Using linear stability analysis, I would like to compute the range of stability of the fixed points and the $2$-cycles of the following iterative map: $x_n = x_{n-1}^{2} - 3\mu$.
Setting $x = x^{2} - 3\mu$, I calculated the fixed points: $x_1 = \dfrac{\sqrt{1+12\mu}}{2}$ and $x_2 = \dfrac{\sqrt{1-12\mu}}{2}$.
And the two cycles are the fixed points and two other additional points: $x_3 = \dfrac{-1-\sqrt{3(-1+4\mu)}}{2}$ and $x_4 = \dfrac{-1+\sqrt{3(-1+4\mu)}}{2}$.

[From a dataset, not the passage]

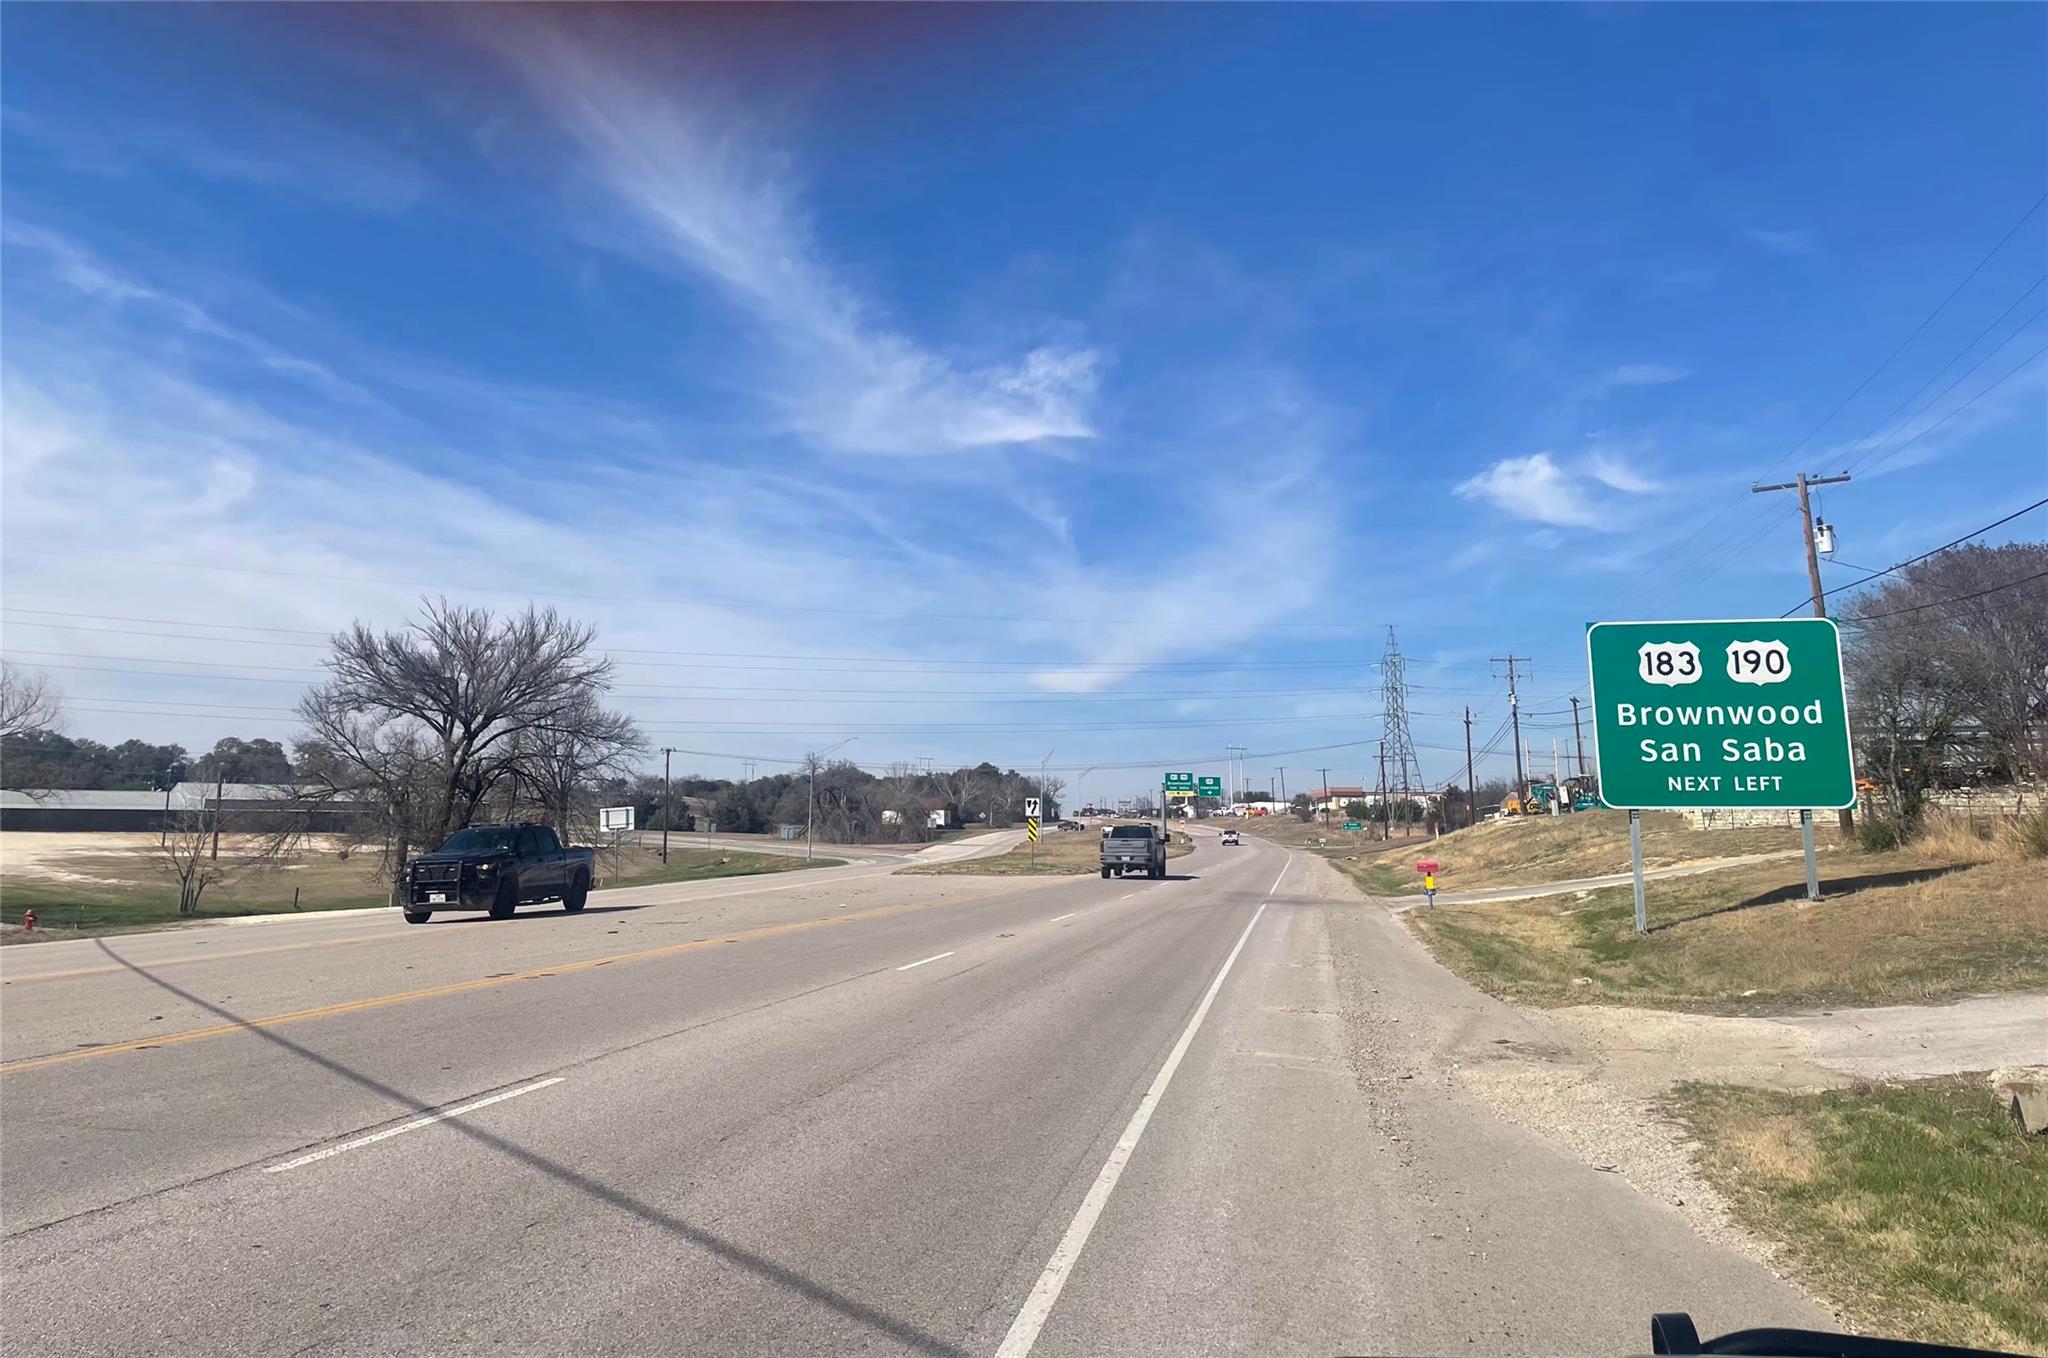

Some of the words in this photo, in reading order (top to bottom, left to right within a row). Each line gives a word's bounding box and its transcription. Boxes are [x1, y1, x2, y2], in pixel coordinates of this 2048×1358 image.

Now I am struggling to find the range of stability of the fixed points and $2$-cycles.
What I know is we need to compute the slope of the map at the points. So if we differentiate $x^{2} - 3\mu$ and calculate the derivative at the fixed point $x_1 = \dfrac{\sqrt{1+12\mu}}{2}$, we get $2(x_1) = 1+\sqrt{1+12\mu}$. And similarly for $x_2$, $2(x_2) = 1-\sqrt{1+12\mu}$. Then we set the absolute values < 1. So we get $|1+\sqrt{1+12\mu}| < 1$ and $|1-\sqrt{1+12\mu}| < 1$. Now here is the problem, I can only find the range of stability for $x_2$ but not for $x_1$. Here is my (hands) work:
$$\begin{align} |1-\sqrt{1+12\mu}| < 1\\ \implies-1<1-\sqrt{1+12\mu} < 1 \\\implies-2<-\sqrt{1+12\mu} < 0\\ \implies-\frac{1}{3} < \mu < \frac{3}{13}\end{align}$$
But now I try to find the range of stability of $x_1$:
$$\begin{align}|1+\sqrt{1+12\mu}| < 1 \\ \implies -1<1+\sqrt{1+12\mu} < 1 \\ \implies -2<\sqrt{1+12\mu} < 0 \end{align}$$ and there is no solution for this inequality.
My questions are:
1. How can we compute the range of stability for $x_1$?
2. What can we conclude for the range of stability for $x_1$? Am I correct to say that its range of stability is zero?
3. Are there any other methods to compute range of stability of fixed points and n-cycles?
Many thanks in advance.